My Feminist Marriage: A Father's Perspective (Guest Post by Scott G.)

Today's guest post comes from Scott G. and is written in response to the Feminist Marriage/Partners Blog Hop. If you'd like to contribute a post to this blog hop, please follow the link!

When my wife and I got married in 2005, she was very much a feminist. I was, by any practical definition, a feminist too: I advocated for feminist viewpoints in conversation, I wanted our marriage to be as egalitarian as possible, I marched with lesbian friends in gay pride parades, and so on. But I didn’t call myself a feminist because I was just plain unaware what feminism really meant, plus I was male so I didn’t think it applied to me. And I just thought it was cooler to call myself other things: hippie, liberal, radical, etc.

What really changed everything for me was having children. When we decided to become parents, we agreed that we’d love a parent to stay home with the kids while they were little. And it quickly became obvious that that parent should be me. I worked as a freelancer, so taking a few years off was no problem, while my wife’s career would’ve collapsed if she took years off. I’m a little more patient and willing to “do nothing” with babies, so personality-wise it made sense too. So we took the plunge, and I became an at-home dad (with a few part-time jobs to keep my freelancing options open in later years).
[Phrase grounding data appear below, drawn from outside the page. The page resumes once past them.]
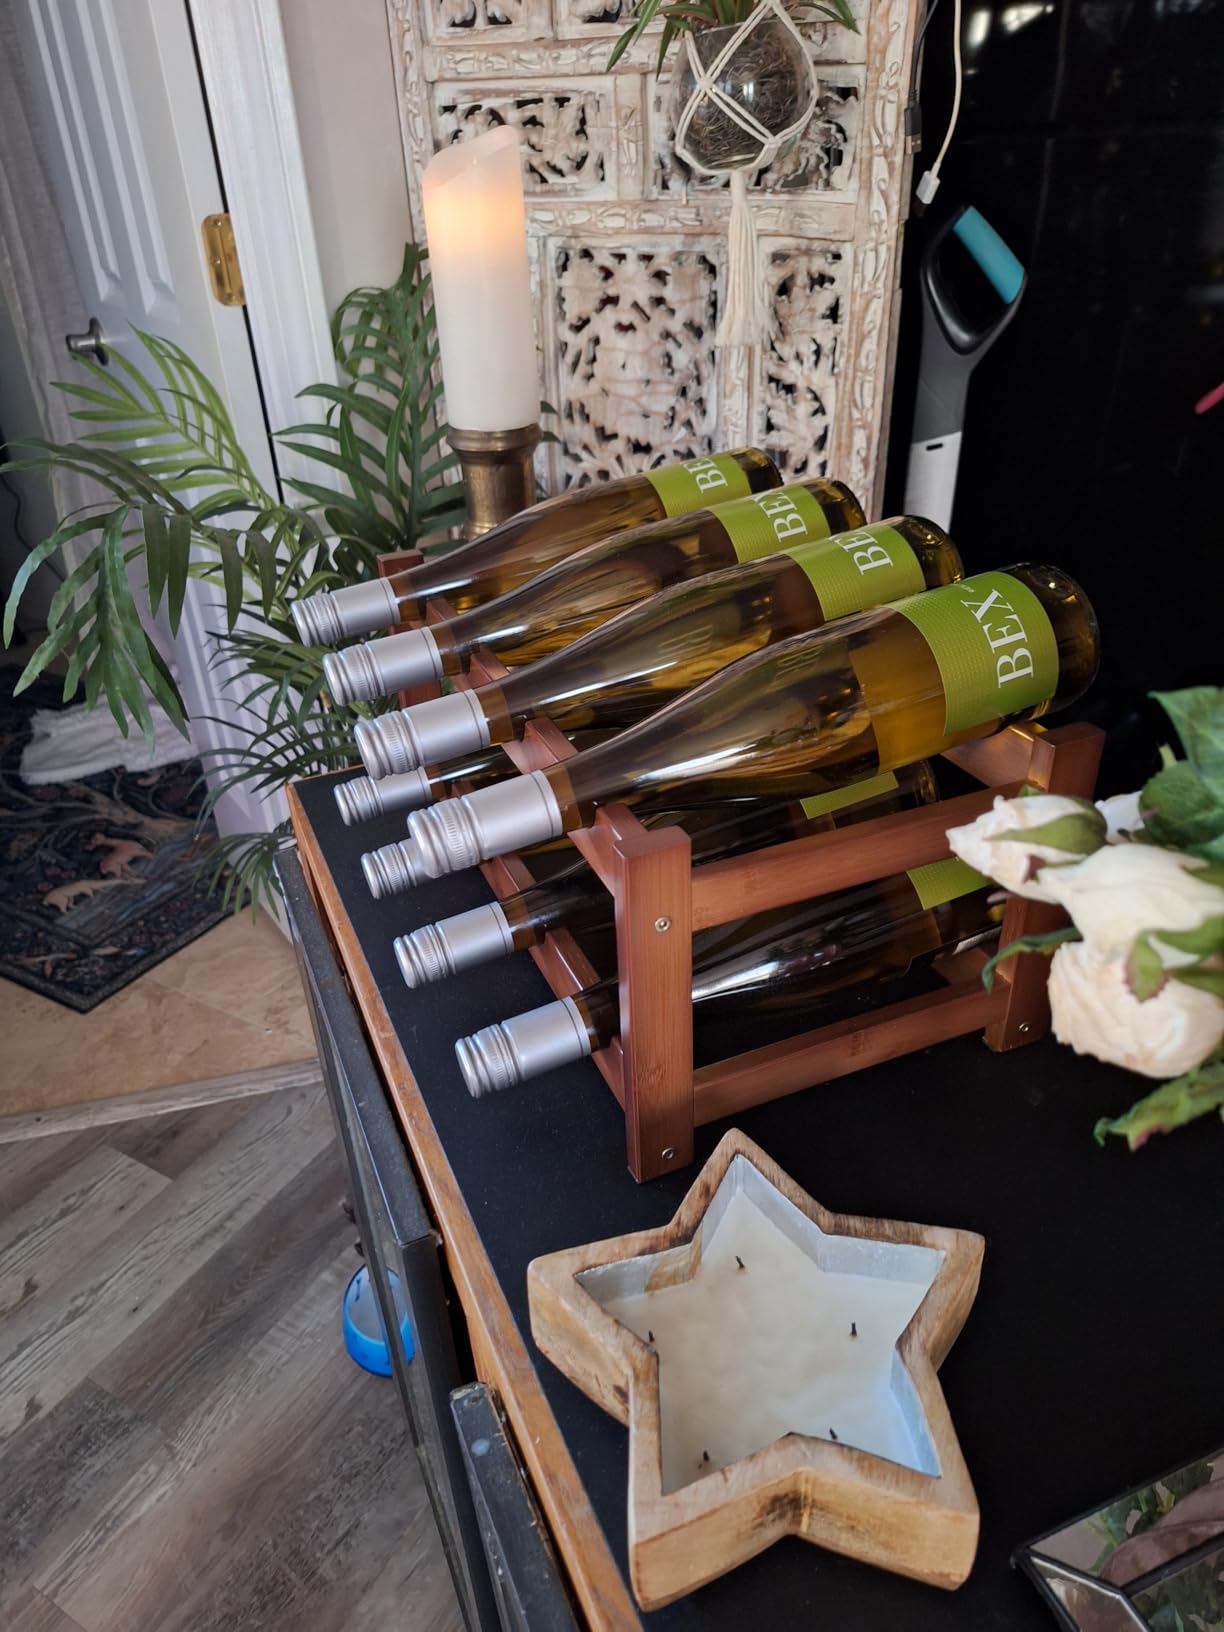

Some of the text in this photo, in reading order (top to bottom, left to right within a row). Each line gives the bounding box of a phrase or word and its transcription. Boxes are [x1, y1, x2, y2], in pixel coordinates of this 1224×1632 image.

[683, 457, 729, 494] BE
[830, 531, 894, 576] BE
[960, 588, 1034, 689] BEX
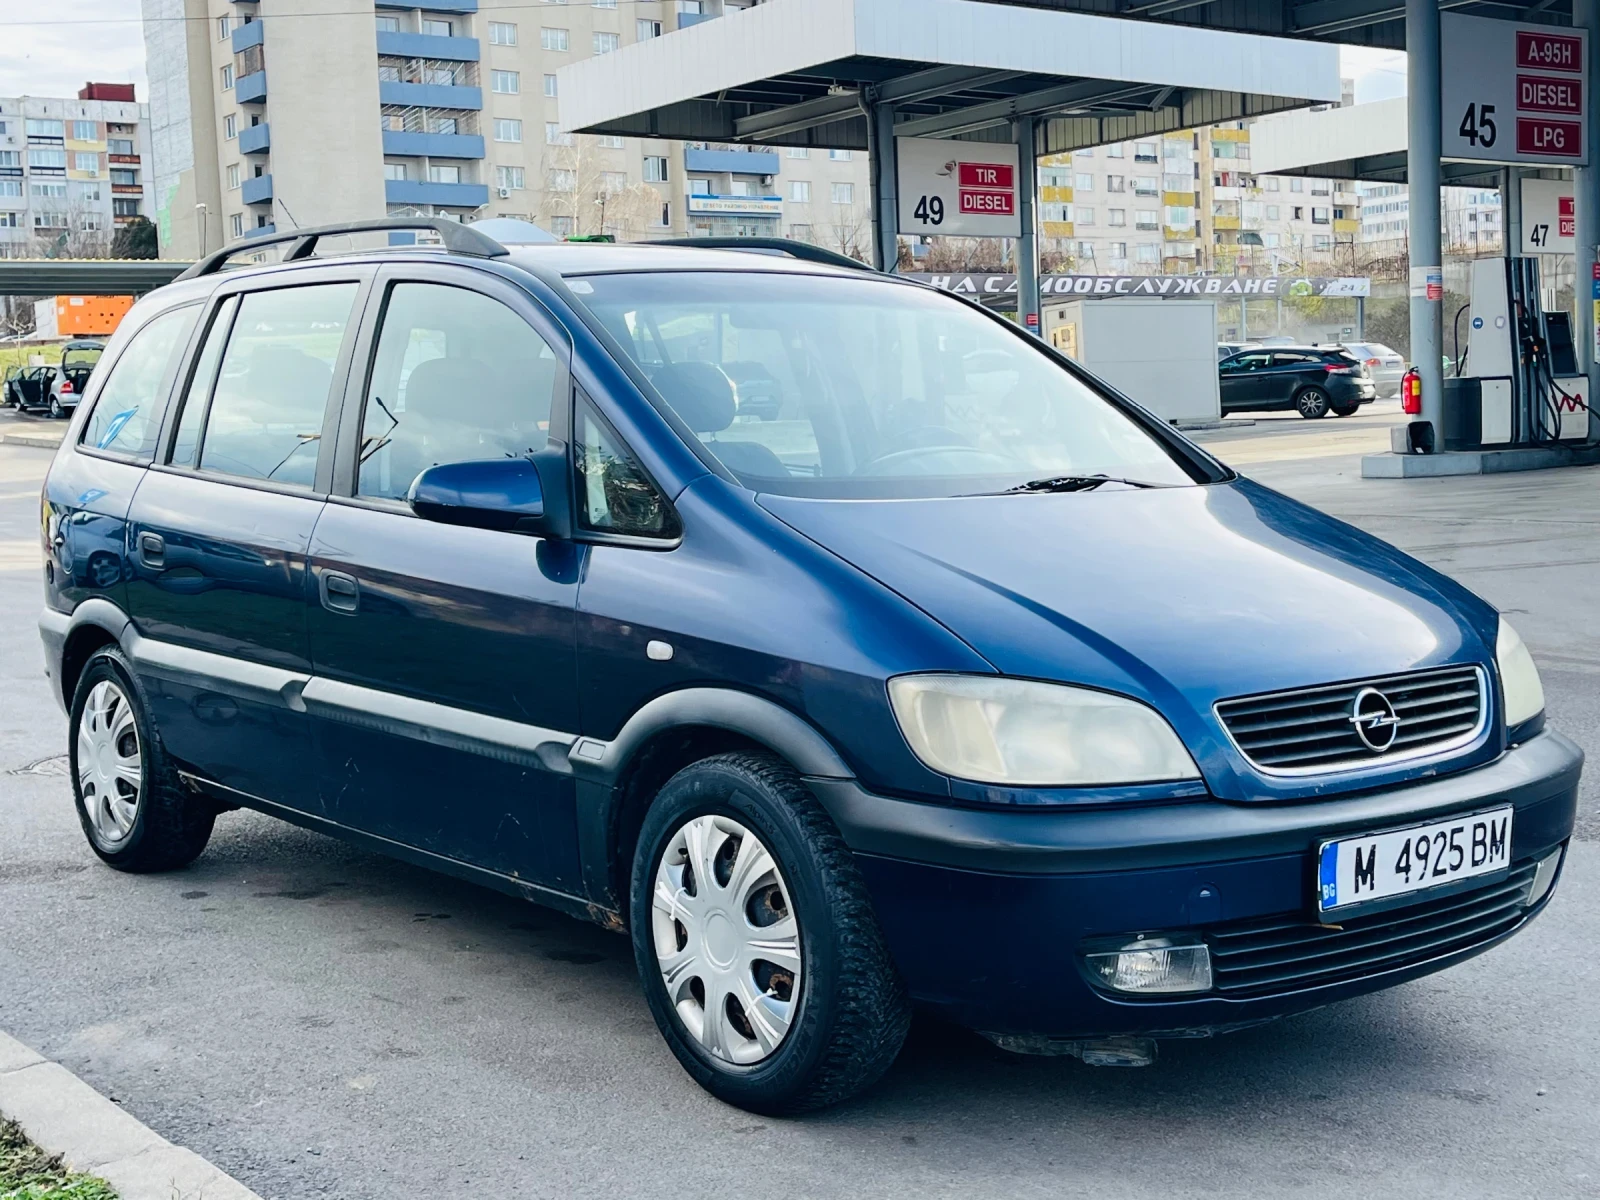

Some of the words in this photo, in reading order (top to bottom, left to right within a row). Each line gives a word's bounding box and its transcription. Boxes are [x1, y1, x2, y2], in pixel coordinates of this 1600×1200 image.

[1528, 41, 1571, 64] A-95H
[1522, 83, 1576, 107] DIESEL
[1459, 103, 1496, 148] 45
[1534, 127, 1565, 148] LPG
[976, 169, 997, 183] TIR
[914, 195, 944, 225] 49
[963, 194, 1010, 211] DIESEL
[1530, 224, 1549, 247] 47
[1561, 221, 1575, 233] DIE
[1354, 844, 1377, 893] M
[1322, 883, 1336, 900] BG
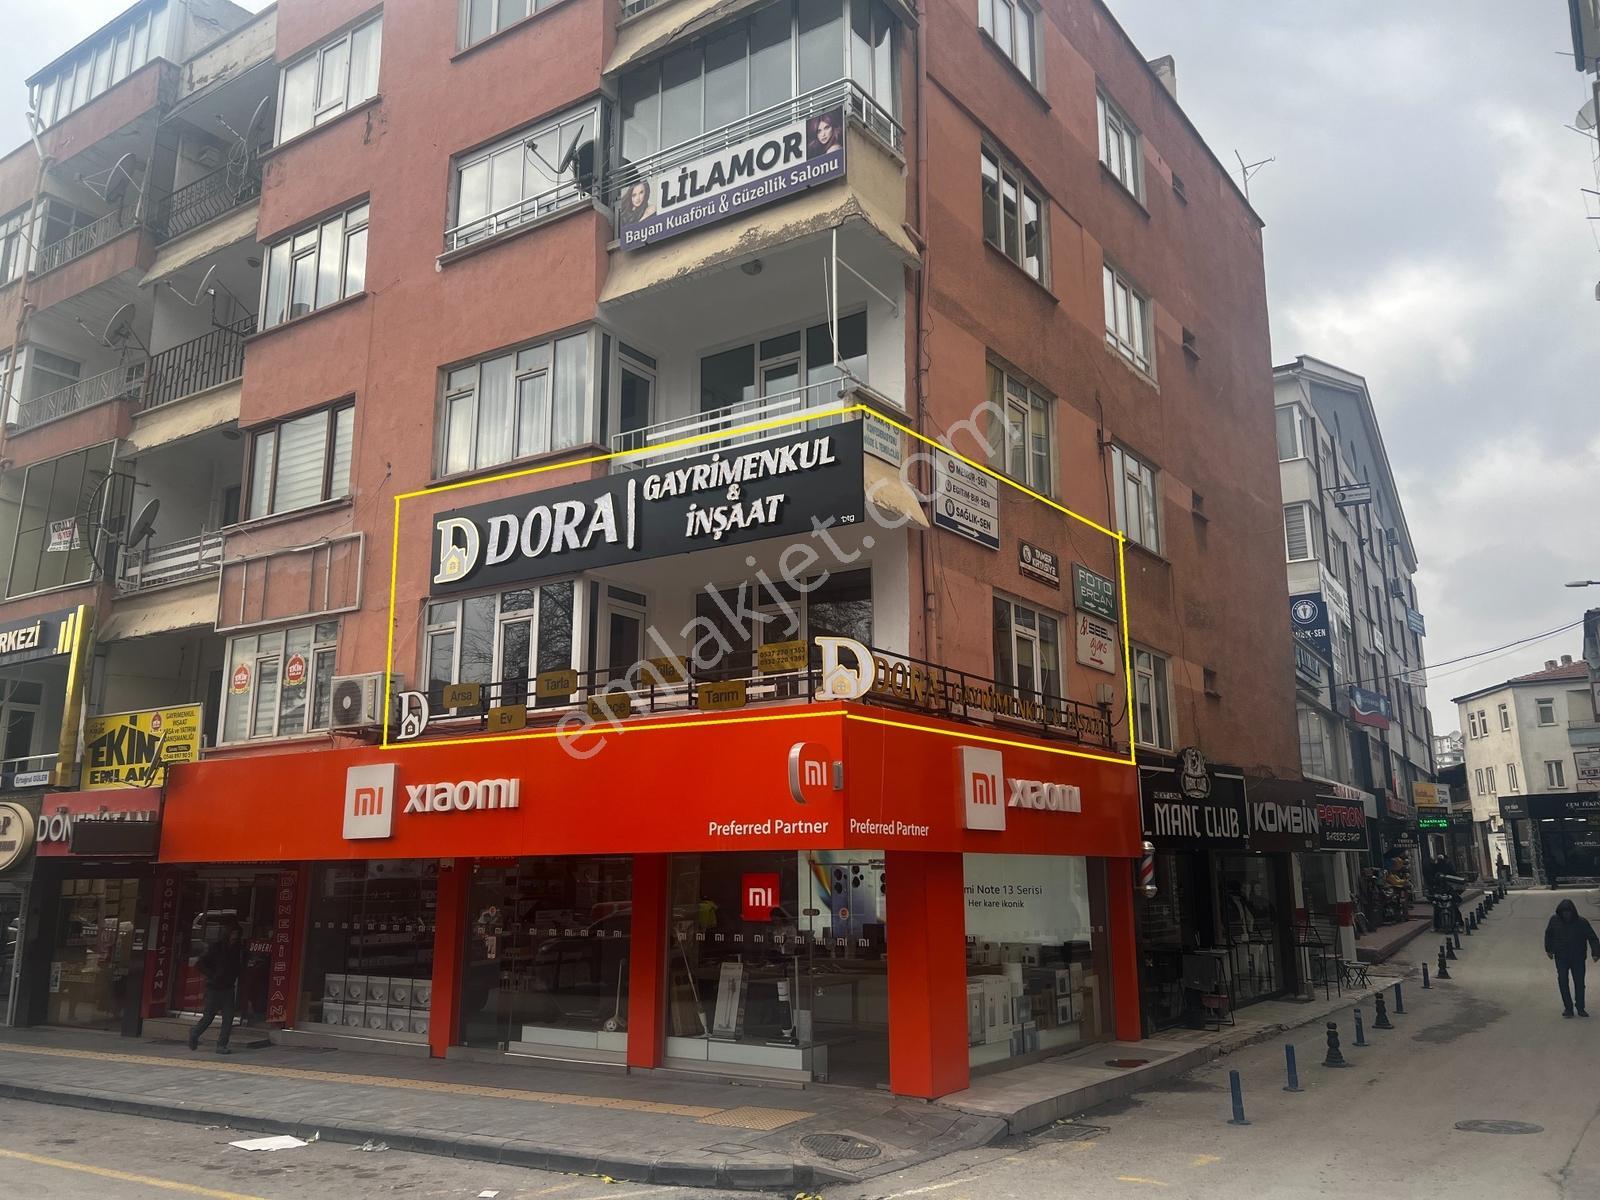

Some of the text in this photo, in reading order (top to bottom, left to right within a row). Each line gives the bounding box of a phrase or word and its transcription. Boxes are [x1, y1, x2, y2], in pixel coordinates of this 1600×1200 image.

[660, 131, 803, 209] LİLAMOR
[625, 156, 839, 244] Bayan Kuaförü & Güzellik Salonu
[643, 436, 836, 501] GAYRİMENKUL
[726, 483, 741, 501] &
[485, 491, 618, 566] DORA
[684, 494, 785, 541] İNŞAAT
[955, 506, 991, 531] SAĞLIK-SEN
[1078, 569, 1113, 595] FOTO
[1080, 585, 1113, 608] ERCAN
[544, 677, 570, 691] Tarla
[872, 655, 939, 705] DORA
[451, 690, 472, 701] Arsa
[705, 689, 739, 705] Tarım
[500, 713, 514, 725] Ev
[88, 715, 158, 767] EKİN
[403, 778, 520, 814] xiaomi
[1006, 778, 1081, 813] xiaomi
[709, 819, 828, 836] Preferred Partner
[850, 818, 929, 837] Preferred Partner
[1154, 802, 1240, 838] MANÇ CLUB
[1253, 799, 1319, 834] KOMBİN
[977, 885, 1000, 895] Note
[1003, 885, 1014, 895] 13
[1017, 885, 1043, 895] Serisi
[984, 900, 999, 908] kare
[1001, 900, 1024, 908] ikonik
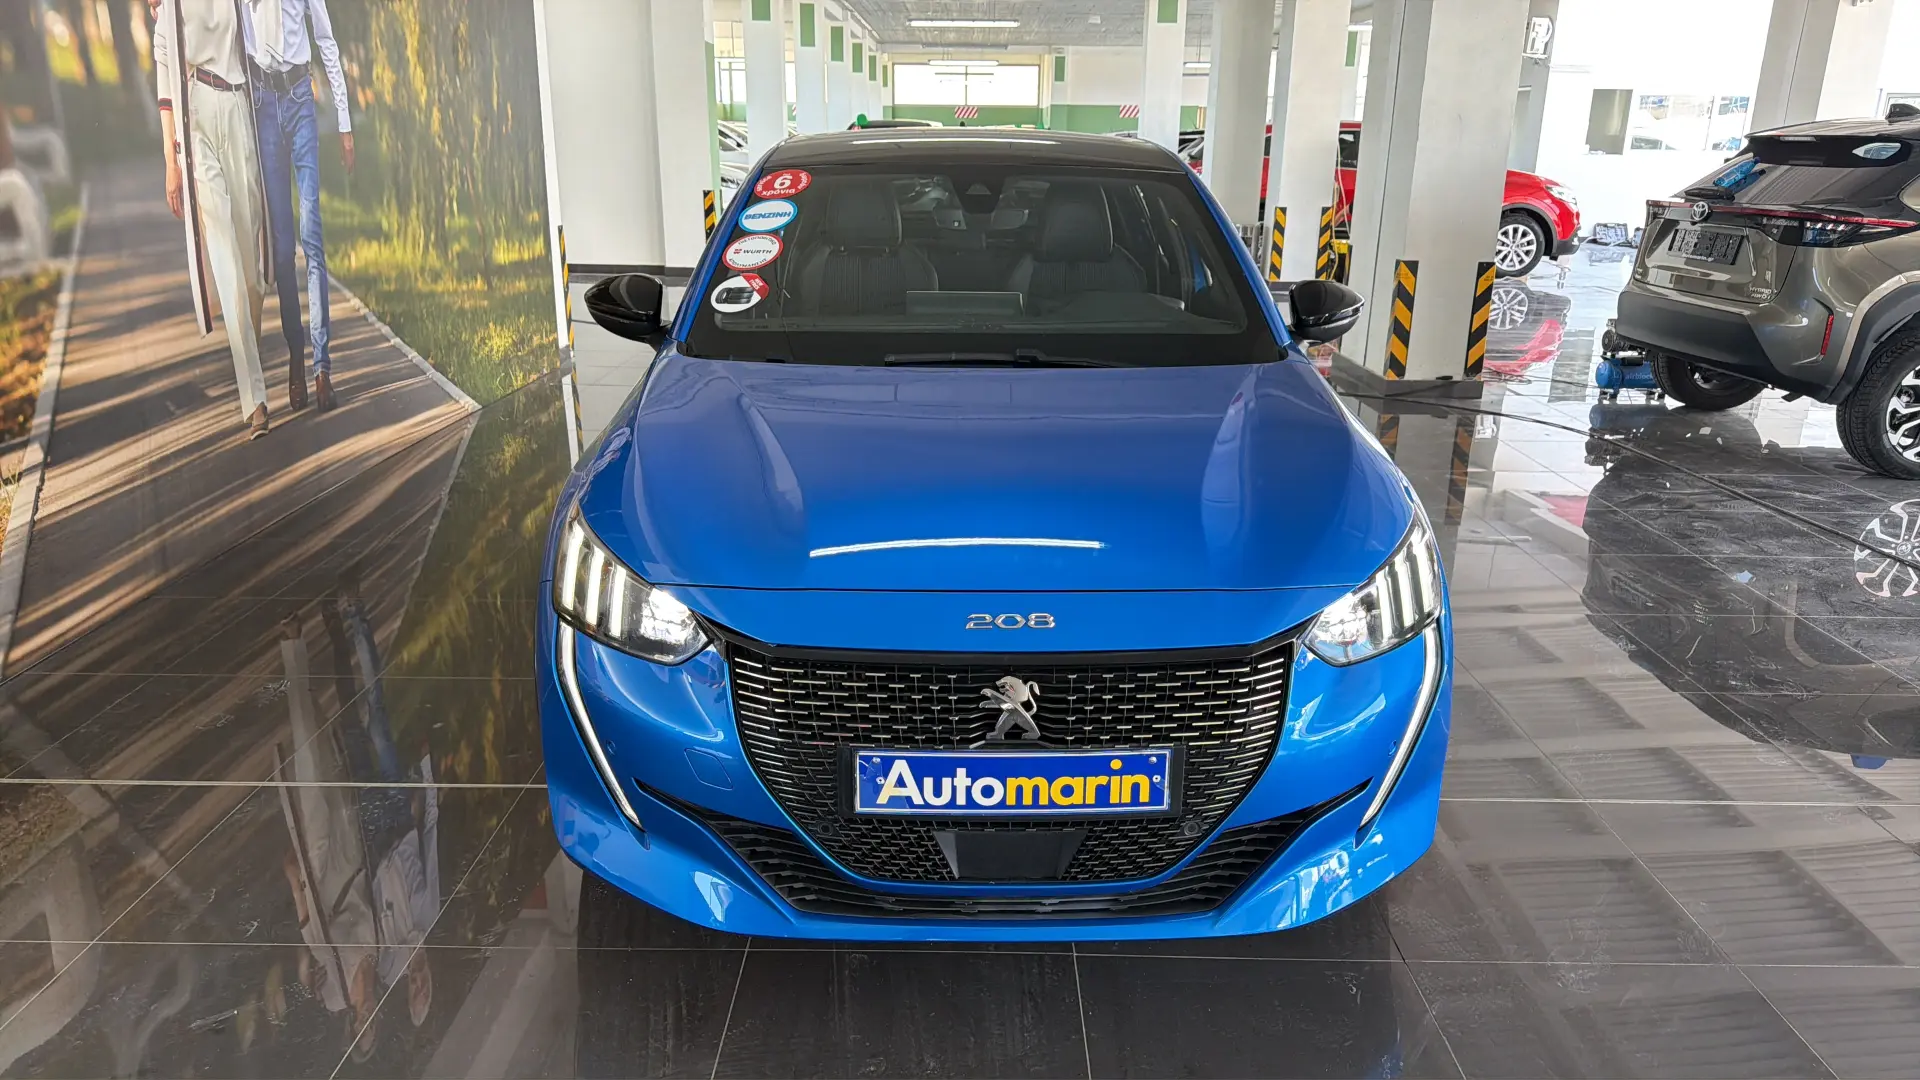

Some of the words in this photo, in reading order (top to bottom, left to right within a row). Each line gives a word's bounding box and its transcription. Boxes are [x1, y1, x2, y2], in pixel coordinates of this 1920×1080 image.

[773, 175, 793, 189] 6
[761, 188, 795, 196] χρόνια
[965, 612, 1056, 630] 208
[876, 758, 1150, 807] Automarin
Our friends and family were outwardly very supportive of that decision, but suddenly so many feminist issues became entirely unavoidable. Strangers would tell me how great it was that I was “babysitting” that day, when I was actually my kids’ primary childcare. Or family would call me “the most amazing dad EVER” when I was just doing what parents all over the world do every day, AND what they also meant to do was make my wife feel bad for abdicating her motherly responsibilities. Resources for at-home parents were almost entirely “moms only,” so I found myself advocating for including dads in parenting discussions. And so, after the whole world hit me over the head with the need for feminism, I finally started to call myself a feminist. I became an outspoken feminist. In a feminist marriage.


I’m a little embarrassed that it took feminist issues affecting me directly (instead of just all the women I’m close to) for me to embrace the term. But now I embrace it wholeheartedly. I pick fights with my fellow men when they get nervous about calling themselves feminists. I point out gender inequality in the workplace to friends who don’t believe it exists. I do not keep silent on this issue, ever.

This has shaped what our marriage is like, very much. We consciously divvy up the housekeeping tasks based on our strengths and weaknesses (and free time) rather than gender roles. We both have close friends of both genders, and we don’t see this as cause for jealousy, or a reason to worry; we’re just friends with the people who we get along with best. We have a framed copy of the Seneca Falls “Declaration of Sentiments” on our living room wall!

And we make a point of subverting gender roles publicly as much as possible. We live in a very conservative part of the country, and simply living in an openly gender-equitable way makes waves in this community. So I make a point of being the parent who shows up at the PTA. I bring baked goods to various events (and I’m a pretty damn good baker, if I dare say so myself). I volunteer to watch friends’ kids when schools are closed. And generally, we let it be known that our roles in a marriage (and in raising a family) aren’t based on our gender but on our individual personalities and strengths. Hopefully we’re making some small difference in our community as it relates to gender norms.

 For me, having a feminist marriage means that we are free to create the marriage that works best for us, not the marriage society expects. We are free to choose the roles that fit us, not the ones that are assumed of us. I love how much my wife and I have both been able to grow and become what our inner selves strive to be, instead of having to stay with what our prescribed gender roles would have us become.